I Am Not Anti-Environment. I Am Anti-Destruction

I didn’t arrive at this position because it was fashionable.
I arrived here because I have stood in places that still breathe.

Places where land, history, and silence are woven together so tightly that once you disturb them, you cannot simply stitch them back together again.

I see the planet not as a problem to be engineered, but as something living. Something older than policy targets, wiser than political slogans, and far more fragile than the language used to justify its transformation.

The countryside is not “unused land.”
It is memory. It is continuity. It is identity.

From the rolling fields and hedgerows of England, to the wild moors of the North, the rugged Highlands of Scotland, the valleys and mountains of Wales, and the quiet green landscapes of Northern Ireland , every part of the United Kingdom carries its own character, its own story, its own dignity.

And those stories are written into the land.
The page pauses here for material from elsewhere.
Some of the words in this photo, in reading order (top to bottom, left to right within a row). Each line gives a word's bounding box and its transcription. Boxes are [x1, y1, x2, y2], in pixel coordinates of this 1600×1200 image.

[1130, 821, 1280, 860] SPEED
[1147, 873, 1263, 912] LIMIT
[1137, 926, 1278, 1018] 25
From Calderdale to Swaledale, from Wharfedale to Wensleydale and Bedale, from Hope Moor to Barningham Moor , these are not blank spaces on a map. They are some of the most iconic and scenic parts of England. They are places where great novelists told their tales, where walkers have trodden paths for generations, where dry stone walls trace history across the hills and the wind still moves through open heather as it always has.
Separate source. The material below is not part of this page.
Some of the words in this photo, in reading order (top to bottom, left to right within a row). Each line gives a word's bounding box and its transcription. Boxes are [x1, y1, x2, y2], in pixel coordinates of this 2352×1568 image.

These landscapes shaped literature. They shaped communities. They shaped identity.

The moors that inspired the Brontës. The valleys that echo with centuries of farming life. The hills that define what people across the world imagine when they think of quintessential Britain.

England, Wales, Scotland and Northern Ireland are remembered for their beauty and scenery , not for their infrastructure.

And because of that, I cannot accept the lie that destroying landscapes is somehow saving the planet.

I don’t want to dig the land up, pour concrete across it, or cage it in steel, pylons, cables, fencing, and compounds. I don’t want skylines broken by towers or open moorland reduced to industrial backdrops.

A field is not empty because it isn’t built on.
A horizon is not wasted because it doesn’t generate revenue.
Silence is not a failure , it is a gift.

Every part of the land matters.

Because the moment we decide that some places are expendable, we have accepted that all places are.

Once land becomes “capacity,” it stops being home.
Once countryside becomes “space,” it stops being sacred.
Once beauty becomes negotiable, it becomes temporary.

We are told this is progress. That loss today will be justified tomorrow. That industrialising nature is acceptable if the words used to describe it are green enough.

But real environmentalism does not begin with damage and promise restoration later. It does not trade what is irreplaceable for what is convenient. It does not ask rural landscapes to carry the burden of decisions made in distant offices.

Whitehall must understand something simple: these places are not policy tools. They are part of who we are. And they must be left alone.

True environmentalism preserves.
It protects what already exists.
It knows when to say no.

I want to leave something behind that still feels whole , something recognisable whether you stand in Calderdale, Swaledale, the Highlands, the Welsh mountains or the fields of Northern Ireland.

And so I will say this plainly, and without apology:

I am not anti-environment. I am anti-destruction.
And I will not call the loss of land, beauty, and silence “progress,” no matter how green the language sounds.

Shane Oxer.   Campaigner for fairer and affordable energy.